_Your task_
Exactly the lines from the one holding "this 2021×1515 image." through the final line of the data are wanted, copied as written.
(Supplied information Opens)
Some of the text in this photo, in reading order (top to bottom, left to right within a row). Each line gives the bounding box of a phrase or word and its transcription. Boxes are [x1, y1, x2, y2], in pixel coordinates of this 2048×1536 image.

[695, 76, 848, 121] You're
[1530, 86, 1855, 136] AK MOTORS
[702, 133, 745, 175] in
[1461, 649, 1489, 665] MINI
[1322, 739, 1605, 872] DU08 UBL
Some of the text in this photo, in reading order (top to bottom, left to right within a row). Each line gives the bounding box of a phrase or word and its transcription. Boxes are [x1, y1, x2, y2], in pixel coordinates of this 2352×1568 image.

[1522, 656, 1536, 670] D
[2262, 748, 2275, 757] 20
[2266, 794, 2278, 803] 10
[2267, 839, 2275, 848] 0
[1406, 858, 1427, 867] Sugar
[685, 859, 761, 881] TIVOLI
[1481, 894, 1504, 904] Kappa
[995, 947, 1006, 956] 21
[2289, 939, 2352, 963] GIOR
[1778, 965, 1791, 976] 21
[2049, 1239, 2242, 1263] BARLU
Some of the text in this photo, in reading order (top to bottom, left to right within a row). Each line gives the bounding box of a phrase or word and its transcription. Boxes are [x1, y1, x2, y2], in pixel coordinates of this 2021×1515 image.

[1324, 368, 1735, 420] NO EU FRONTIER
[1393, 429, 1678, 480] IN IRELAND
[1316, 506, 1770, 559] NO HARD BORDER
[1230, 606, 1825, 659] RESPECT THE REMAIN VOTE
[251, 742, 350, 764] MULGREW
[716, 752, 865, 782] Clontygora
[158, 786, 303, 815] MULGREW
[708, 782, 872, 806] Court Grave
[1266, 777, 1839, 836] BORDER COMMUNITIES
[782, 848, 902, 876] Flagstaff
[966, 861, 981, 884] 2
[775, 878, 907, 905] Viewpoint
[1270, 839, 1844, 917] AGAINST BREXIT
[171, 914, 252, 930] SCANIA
(Supplied information Closes)
_Output of the exercise_
Some of the text in this photo, in reading order (top to bottom, left to right within a row). Each line gives the bounding box of a phrase or word and its transcription. Boxes are [x1, y1, x2, y2], in pixel coordinates of this 2021×1515 image.

[1324, 368, 1735, 420] NO EU FRONTIER
[1393, 429, 1678, 480] IN IRELAND
[1316, 506, 1770, 559] NO HARD BORDER
[1230, 606, 1825, 659] RESPECT THE REMAIN VOTE
[251, 742, 350, 764] MULGREW
[716, 752, 865, 782] Clontygora
[158, 786, 303, 815] MULGREW
[708, 782, 872, 806] Court Grave
[1266, 777, 1839, 836] BORDER COMMUNITIES
[782, 848, 902, 876] Flagstaff
[966, 861, 981, 884] 2
[775, 878, 907, 905] Viewpoint
[1270, 839, 1844, 917] AGAINST BREXIT
[171, 914, 252, 930] SCANIA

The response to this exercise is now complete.